Our Opinion: Food industry still relatively safe for all

Published 7:49 am Wednesday, February 21, 2007

By Staff
Last week's recall of two brands of peanut butter has caused fear in vegetarians and moms across the nation. That fear is similar to a fear put into the hearts and minds of Americans after reading a fact-filled book by Upton Sinclair.
In 1906, Sinclair published a book called &#8220The Jungle.” The book became an instant best seller as he told of dead rats being shoveled into sausage-grinding machines in the Chicago stockyards. He told how inspectors were bribed to turn away as diseased cows were slaughtered for beef and how filth and entrails were gathered from the floor and packed as potted meat.
It only took a few months for the public to demand reforms in the meat packing industry.
Even President Theodore Roosevelt was ill after reading his copy and immediately called on Congress to pass a law establishing the Food and Drug Administration. That act called for federal inspection standards to be implemented and the Pure Food Act was born.
Although the salmonella found in Peter Pan and the Wal-Mart Great Value brands of peanut butter was frightening, realistically the industry remains very safe, experts say.
Considering the amount of peanut butter that is involved in this recall, a great deal of the sticky, sweet substance must be sold throughout the United States and around the world.
When carefully considered, the number of people who have actually fallen ill because of the problem is not too bad - unless, of course, you were one of those who became ill after consuming the product.
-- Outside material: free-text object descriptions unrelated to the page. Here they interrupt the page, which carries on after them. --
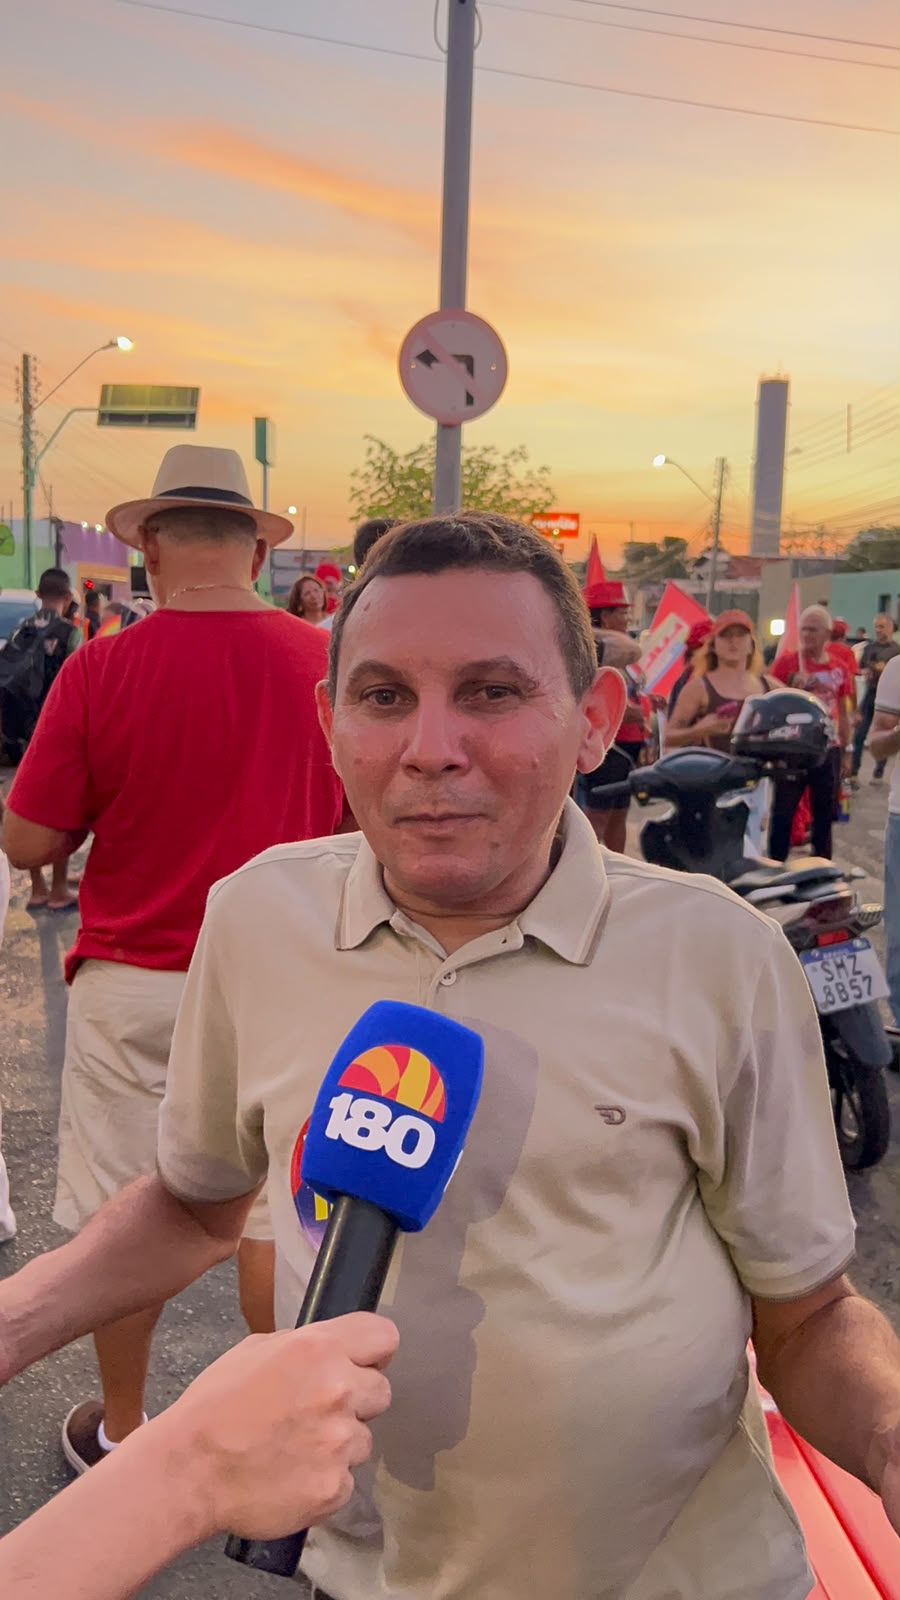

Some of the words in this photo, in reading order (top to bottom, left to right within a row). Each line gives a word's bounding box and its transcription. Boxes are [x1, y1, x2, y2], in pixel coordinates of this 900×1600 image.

[821, 955, 863, 982] SMZ
[823, 975, 872, 1005] 8B57
[325, 1092, 436, 1169] 180
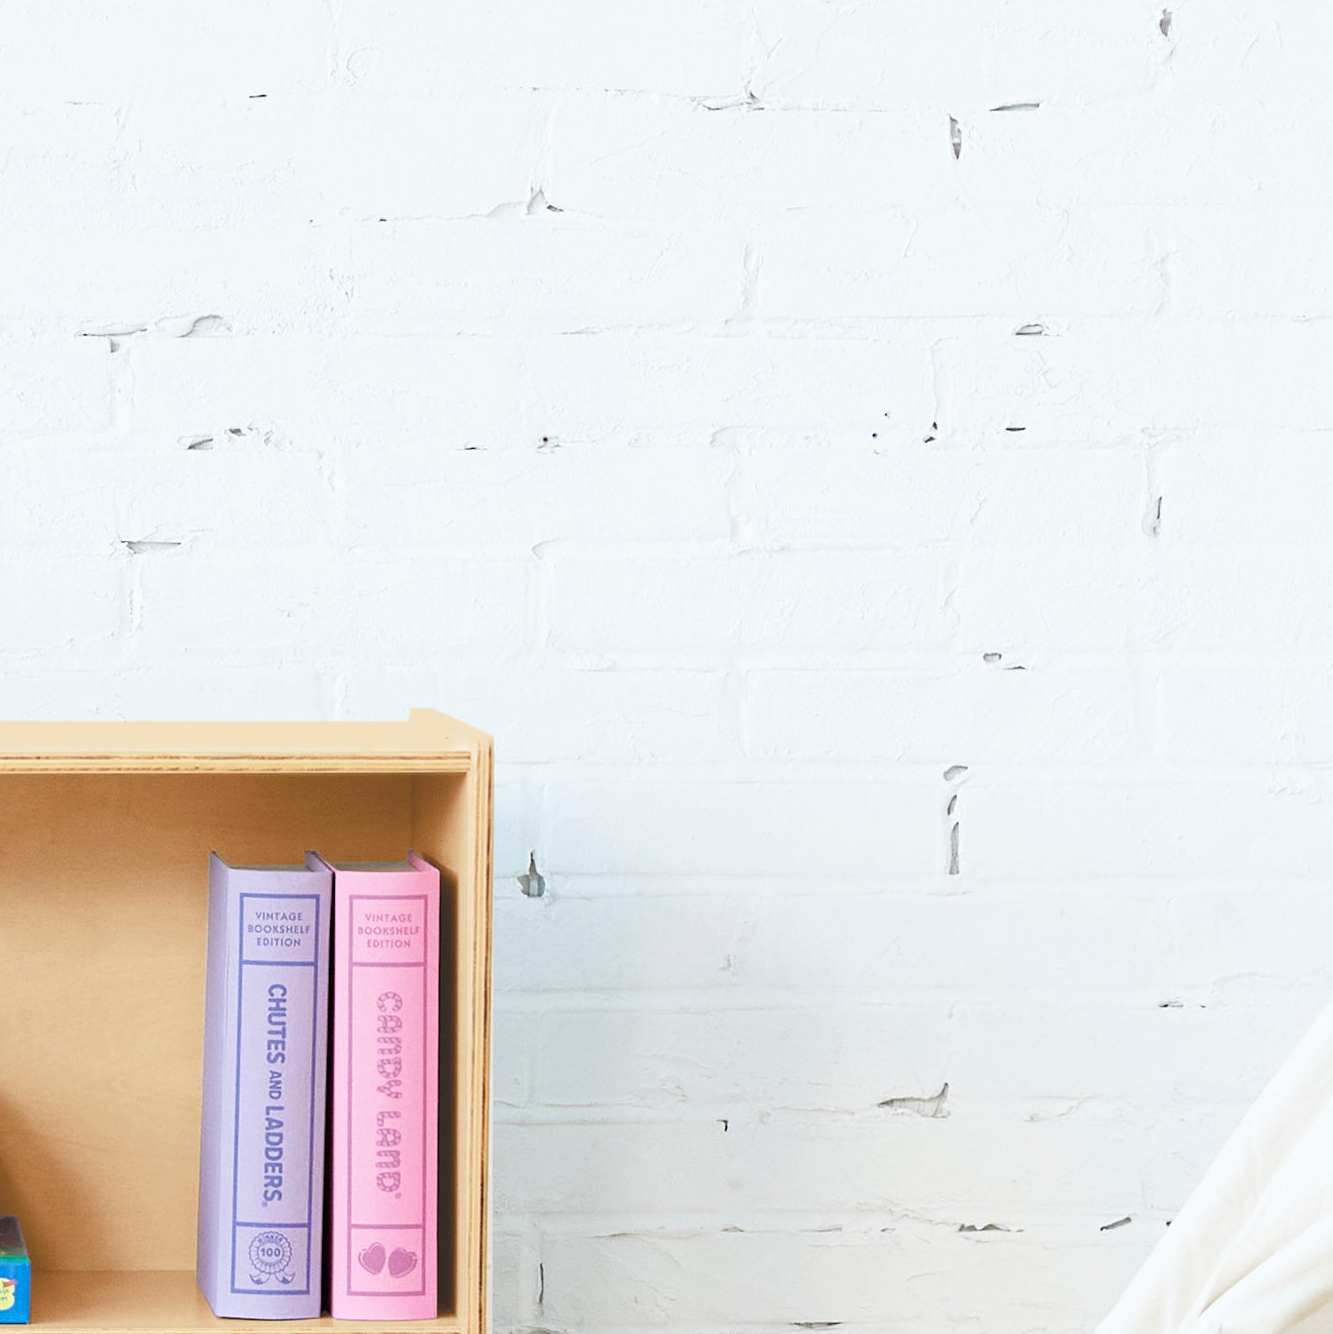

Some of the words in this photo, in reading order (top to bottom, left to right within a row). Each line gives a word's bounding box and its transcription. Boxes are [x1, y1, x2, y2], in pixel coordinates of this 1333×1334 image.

[255, 911, 303, 921] VINTAGE
[365, 913, 413, 923] VINTAGE
[248, 924, 311, 935] BOOKSHELF
[357, 926, 420, 936] BOOKSHELF
[256, 937, 301, 947] EDITION
[367, 939, 411, 948] EDITION
[266, 983, 287, 1064] CHUTES
[376, 991, 403, 1099] CANDY
[269, 1069, 282, 1099] AND
[260, 1247, 281, 1257] 100
The company made the recall voluntarily, which provides evidence they are being conscientious in their service to the public.
We urge consumers of all products to be aware of news and information being provided daily by producers of foods, clothes, furniture and more, concerning safety and health issues.
We applaud ConAgra Foods for making the voluntary recall. We further applaud Upton Sinclair for making government sick enough to put a watchful eye on companies like ConAgra.